Goldman's new framework is explicit: what matters now is whether each company's revenue can outgrow the sector average, and whether that revenue growth translates into real margin improvement.
WFE growing 32% — what does this number actually tell us?
Goldman forecasts the global wafer-fab equipment (WFE) market — the full suite of machines needed to manufacture chips — will grow 32% year-on-year by CY27, accelerating from CY26.
The core driver is rising capex from memory makers like Samsung and Micron — in plain terms = these giants plan to spend significantly more on equipment.
But Goldman stresses: a WFE upgrade is no longer scarce information; the market has already priced it in. Put simply = knowing "the industry pie is growing" is not enough — what matters is who captures a bigger slice and who turns that slice into actual profit.
Four stocks rated Buy — why these four?
Lasertec: target raised from ¥55,000 to ¥67,000. Goldman calls it the most direct "technical-bottleneck asset" in leading-edge node inspection — in plain terms = the more advanced the chip, the harder it is to inspect without Lasertec's tools, and alternatives are scarce.
Disco: makes dicing, grinding, and polishing equipment.
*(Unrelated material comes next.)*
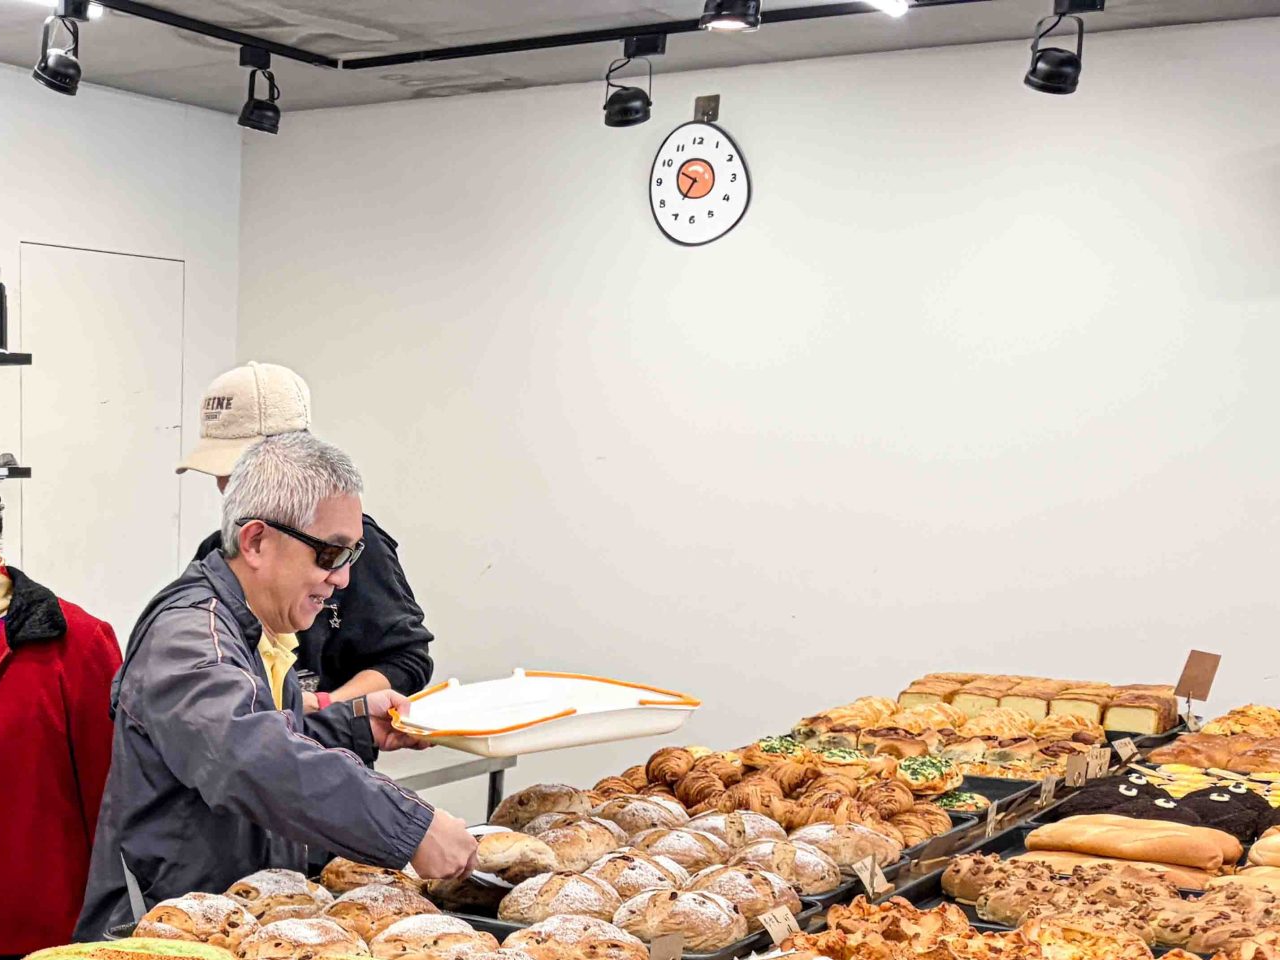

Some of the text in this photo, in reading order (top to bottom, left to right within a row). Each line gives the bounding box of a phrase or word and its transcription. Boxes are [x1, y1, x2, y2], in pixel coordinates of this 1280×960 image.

Once a cyclical business, it has become an AI-process bottleneck as advanced packaging — assembling multiple chips tightly together — takes off.
Ebara offers relatively clear earnings-guidance upside from its precision-machinery unit. Tokyo Electron has the widest product line plus equipment price hikes, giving it the broadest WFE exposure among Japanese peers.
Neutral and Sell names — where is the problem?
Kokusai Electric: Goldman's FY3/27 operating-profit forecast of ¥70.1 billion sits well above the company's own guidance of ¥54.5 billion, suggesting room for an upgrade — but the stock has already priced this in. Kokusai's heavy exposure to NAND tools and high-margin mini-batch deposition systems is a mismatch when current capex skews toward DRAM and HBM, pushing the risk-reward back to neutral.
Tokyo Seimitsu and SCREEN HD keep Sell ratings. Tokyo Seimitsu faces high customer concentration in HBM probe-card business and OSAT competition in logic probing. SCREEN may raise guidance in H2, but margin improvement is capped by customer mix and fixed costs.
This reflects a common theme: revenue growth does not equal profit growth — fixed costs, competition, and customer-mix shifts can consume the top-line gains.
What are the four checkpoints to watch next?
Goldman lays out four conditions that must hold simultaneously for the rally to continue:
① CY27 WFE growth near 32%; ② memory-maker capex broadening from HBM into DRAM and NAND; ③ Japanese equipment companies posting FY27–FY28 earnings above consensus; ④ order growth converting into operating-margin expansion rather than being absorbed by fixed costs, delivery delays, competition, or shifts in the China customer base.
In plain terms = an industry upcycle is necessary but not sufficient — remove any one of the four pillars and the foundation of this rally becomes unstable.
Content is for reference only, not financial advice.